O Brasil tem aproximadamente 2,4 milhões de pessoas diagnosticadas com Transtorno do Espectro Autista (TEA), o equivalente a 1,2% da população, segundo dados do Censo 2022 do IBGE. O número reforça uma tendência já observada por especialistas: o aumento dos diagnósticos, especialmente na vida adulta.
Apesar da evolução no reconhecimento do transtorno, o acesso ao diagnóstico de autismo e às terapias especializadas ainda é considerado limitado, principalmente fora da infância.
Diagnóstico de autismo em adultos cresce no Brasil
Levantamentos como o do Mapa Autismo Brasil (MAB) indicam que grande parte dos atendimentos ainda ocorre fora do Sistema Único de Saúde (SUS). Além disso, muitos pacientes recebem poucas horas semanais de terapia, o que evidencia desigualdade no acesso ao cuidado.
Ao mesmo tempo, cresce o número de adultos que descobrem o TEA apenas depois de anos convivendo com dificuldades sem explicação.
Segundo especialistas, esse movimento está ligado à ampliação do conhecimento científico e à atualização dos critérios diagnósticos.
Mudanças nos critérios ampliaram identificação do TEA
O neuropsicólogo Clécio Gomes, especialista em autismo adulto, explica que o aumento dos diagnósticos tardios está relacionado à forma como o transtorno era compreendido no passado.

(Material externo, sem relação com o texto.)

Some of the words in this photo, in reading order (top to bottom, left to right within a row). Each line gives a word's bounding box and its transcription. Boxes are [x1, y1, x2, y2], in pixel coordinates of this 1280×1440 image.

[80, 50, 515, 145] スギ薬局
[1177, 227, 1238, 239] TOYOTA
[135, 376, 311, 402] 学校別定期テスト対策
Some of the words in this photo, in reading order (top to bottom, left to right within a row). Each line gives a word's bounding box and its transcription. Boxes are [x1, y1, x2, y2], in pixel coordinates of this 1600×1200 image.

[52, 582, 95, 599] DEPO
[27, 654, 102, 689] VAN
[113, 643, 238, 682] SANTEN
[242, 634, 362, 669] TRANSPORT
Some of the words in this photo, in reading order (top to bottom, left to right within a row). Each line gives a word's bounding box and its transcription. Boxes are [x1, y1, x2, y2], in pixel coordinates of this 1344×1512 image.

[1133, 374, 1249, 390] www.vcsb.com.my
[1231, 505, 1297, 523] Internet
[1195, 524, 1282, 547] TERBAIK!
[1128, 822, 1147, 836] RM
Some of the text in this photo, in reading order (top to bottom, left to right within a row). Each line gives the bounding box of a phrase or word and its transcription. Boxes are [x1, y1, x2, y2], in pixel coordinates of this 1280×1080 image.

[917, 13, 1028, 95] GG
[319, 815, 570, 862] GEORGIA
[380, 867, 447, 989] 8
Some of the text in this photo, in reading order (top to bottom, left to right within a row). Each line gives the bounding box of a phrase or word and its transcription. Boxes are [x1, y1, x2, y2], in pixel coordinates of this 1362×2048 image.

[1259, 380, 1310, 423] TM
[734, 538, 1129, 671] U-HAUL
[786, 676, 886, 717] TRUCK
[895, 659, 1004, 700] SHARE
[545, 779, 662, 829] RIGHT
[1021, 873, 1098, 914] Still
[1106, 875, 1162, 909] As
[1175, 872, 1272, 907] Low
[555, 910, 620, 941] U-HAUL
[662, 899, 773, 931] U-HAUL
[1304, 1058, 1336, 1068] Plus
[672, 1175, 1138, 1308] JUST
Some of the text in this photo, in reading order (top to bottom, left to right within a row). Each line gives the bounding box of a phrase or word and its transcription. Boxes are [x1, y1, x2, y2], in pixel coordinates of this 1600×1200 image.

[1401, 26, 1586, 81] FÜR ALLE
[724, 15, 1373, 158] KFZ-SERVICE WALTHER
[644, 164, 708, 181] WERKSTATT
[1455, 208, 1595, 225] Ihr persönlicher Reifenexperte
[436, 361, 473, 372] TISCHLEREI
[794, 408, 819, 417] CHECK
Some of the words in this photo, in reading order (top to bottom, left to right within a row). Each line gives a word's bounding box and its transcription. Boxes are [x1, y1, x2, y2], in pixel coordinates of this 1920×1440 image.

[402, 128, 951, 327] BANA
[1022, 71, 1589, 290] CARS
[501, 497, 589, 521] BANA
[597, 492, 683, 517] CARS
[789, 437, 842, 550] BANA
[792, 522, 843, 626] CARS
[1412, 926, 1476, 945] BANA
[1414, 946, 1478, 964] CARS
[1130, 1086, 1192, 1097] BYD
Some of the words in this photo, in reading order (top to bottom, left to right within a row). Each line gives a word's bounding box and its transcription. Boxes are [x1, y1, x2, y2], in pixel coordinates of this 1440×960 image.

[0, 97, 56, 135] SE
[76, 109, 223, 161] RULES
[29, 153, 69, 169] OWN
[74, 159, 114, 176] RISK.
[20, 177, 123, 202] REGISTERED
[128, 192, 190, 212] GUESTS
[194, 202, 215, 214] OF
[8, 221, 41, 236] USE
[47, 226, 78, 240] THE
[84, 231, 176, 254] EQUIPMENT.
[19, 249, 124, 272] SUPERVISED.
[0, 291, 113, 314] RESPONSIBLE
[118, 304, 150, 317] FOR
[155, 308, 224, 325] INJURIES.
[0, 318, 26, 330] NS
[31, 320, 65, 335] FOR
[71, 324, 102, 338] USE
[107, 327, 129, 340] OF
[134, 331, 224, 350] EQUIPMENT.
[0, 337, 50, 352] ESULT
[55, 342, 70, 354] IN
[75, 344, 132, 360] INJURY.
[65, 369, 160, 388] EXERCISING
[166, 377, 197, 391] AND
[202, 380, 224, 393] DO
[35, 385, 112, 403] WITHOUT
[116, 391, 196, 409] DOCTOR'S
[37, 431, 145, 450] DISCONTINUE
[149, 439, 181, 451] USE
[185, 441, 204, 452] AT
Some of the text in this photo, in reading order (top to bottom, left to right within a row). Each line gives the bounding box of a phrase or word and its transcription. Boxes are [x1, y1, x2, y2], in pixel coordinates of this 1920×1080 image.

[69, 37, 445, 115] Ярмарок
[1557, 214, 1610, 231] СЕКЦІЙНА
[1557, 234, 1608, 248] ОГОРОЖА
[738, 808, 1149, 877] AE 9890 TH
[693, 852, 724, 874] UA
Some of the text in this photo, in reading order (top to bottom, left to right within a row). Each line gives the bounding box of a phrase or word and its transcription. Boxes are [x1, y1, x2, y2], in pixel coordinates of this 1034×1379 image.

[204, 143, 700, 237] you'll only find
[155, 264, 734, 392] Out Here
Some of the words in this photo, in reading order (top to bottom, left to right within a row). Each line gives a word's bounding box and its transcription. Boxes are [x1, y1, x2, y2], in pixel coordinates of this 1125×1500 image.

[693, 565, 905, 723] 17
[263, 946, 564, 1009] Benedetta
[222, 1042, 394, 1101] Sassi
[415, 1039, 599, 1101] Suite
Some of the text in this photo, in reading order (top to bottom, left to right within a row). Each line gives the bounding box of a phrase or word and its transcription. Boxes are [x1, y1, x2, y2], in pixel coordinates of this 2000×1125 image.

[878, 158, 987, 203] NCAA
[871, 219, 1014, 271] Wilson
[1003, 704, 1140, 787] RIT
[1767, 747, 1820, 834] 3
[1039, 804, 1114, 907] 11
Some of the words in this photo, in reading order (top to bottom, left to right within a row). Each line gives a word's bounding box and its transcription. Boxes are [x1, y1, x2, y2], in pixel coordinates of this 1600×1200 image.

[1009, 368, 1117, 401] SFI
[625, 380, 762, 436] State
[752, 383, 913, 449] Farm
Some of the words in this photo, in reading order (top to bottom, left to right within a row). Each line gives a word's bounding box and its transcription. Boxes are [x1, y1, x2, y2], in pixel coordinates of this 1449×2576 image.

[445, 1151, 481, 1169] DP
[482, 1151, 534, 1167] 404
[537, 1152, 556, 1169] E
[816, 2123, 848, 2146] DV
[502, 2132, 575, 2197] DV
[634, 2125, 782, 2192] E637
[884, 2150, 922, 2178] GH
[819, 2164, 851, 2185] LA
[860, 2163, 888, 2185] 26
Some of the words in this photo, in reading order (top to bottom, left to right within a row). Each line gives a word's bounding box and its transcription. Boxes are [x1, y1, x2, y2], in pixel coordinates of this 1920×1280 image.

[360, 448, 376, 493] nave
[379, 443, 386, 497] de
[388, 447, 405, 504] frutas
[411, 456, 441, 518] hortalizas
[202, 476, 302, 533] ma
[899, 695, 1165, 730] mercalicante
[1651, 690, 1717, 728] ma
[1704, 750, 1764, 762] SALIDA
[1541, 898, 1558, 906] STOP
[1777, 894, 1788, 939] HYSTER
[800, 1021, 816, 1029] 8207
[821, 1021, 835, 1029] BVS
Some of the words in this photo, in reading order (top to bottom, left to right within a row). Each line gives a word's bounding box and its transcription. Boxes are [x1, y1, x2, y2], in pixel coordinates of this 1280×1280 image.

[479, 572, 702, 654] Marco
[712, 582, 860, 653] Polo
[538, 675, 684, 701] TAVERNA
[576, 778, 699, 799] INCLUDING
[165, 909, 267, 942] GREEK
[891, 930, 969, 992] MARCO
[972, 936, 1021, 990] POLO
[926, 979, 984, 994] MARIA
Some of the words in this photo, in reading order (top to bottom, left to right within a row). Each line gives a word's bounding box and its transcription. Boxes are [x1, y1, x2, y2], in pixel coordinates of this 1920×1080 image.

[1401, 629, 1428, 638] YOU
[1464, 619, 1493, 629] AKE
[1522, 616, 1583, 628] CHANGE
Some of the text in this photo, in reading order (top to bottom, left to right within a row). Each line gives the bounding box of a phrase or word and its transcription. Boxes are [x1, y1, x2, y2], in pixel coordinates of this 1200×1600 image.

“Com a mudança dos critérios de identificação do espectro, passou-se a perceber que o autismo nível 1 muitas vezes passa despercebido na infância e só será identificado na adolescência ou na idade adulta”, afirma.
Ele destaca que, durante décadas, o entendimento sobre o autismo era mais restrito, o que contribuiu para que muitas pessoas não fossem diagnosticadas.
Diagnóstico tardio pode trazer alívio e autoconhecimento
Embora o diagnóstico precoce seja importante para o desenvolvimento infantil, especialistas afirmam que o diagnóstico tardio também pode ter impacto positivo na vida de jovens e adultos.
Segundo Clécio Gomes, muitas pessoas chegam ao diagnóstico após anos de sofrimento e autocrítica.
“O simples fato de perceberem que aquilo que viveram não era preguiça ou falta de esforço, mas uma condição neurológica, tira um peso enorme dos ombros”, explica.
Ele afirma que mesmo diagnósticos feitos após os 30, 40 ou até 70 anos podem representar um ponto de virada na qualidade de vida.
Desafios ainda envolvem acesso e inclusão
Apesar dos avanços no diagnóstico de autismo no Brasil, especialistas reforçam que ainda há desafios importantes, especialmente no acesso a terapias multidisciplinares e políticas públicas de inclusão.
O debate também chama atenção para adultos autistas, sobretudo aqueles no nível 1 de suporte, que muitas vezes enfrentam dificuldades no ambiente escolar, profissional e social sem reconhecimento adequado das suas necessidades.
Com mais informação e ampliação da rede de atendimento, especialistas acreditam que o país pode avançar na redução das barreiras enfrentadas por pessoas com TEA e na melhoria da qualidade de vida em todas as idades.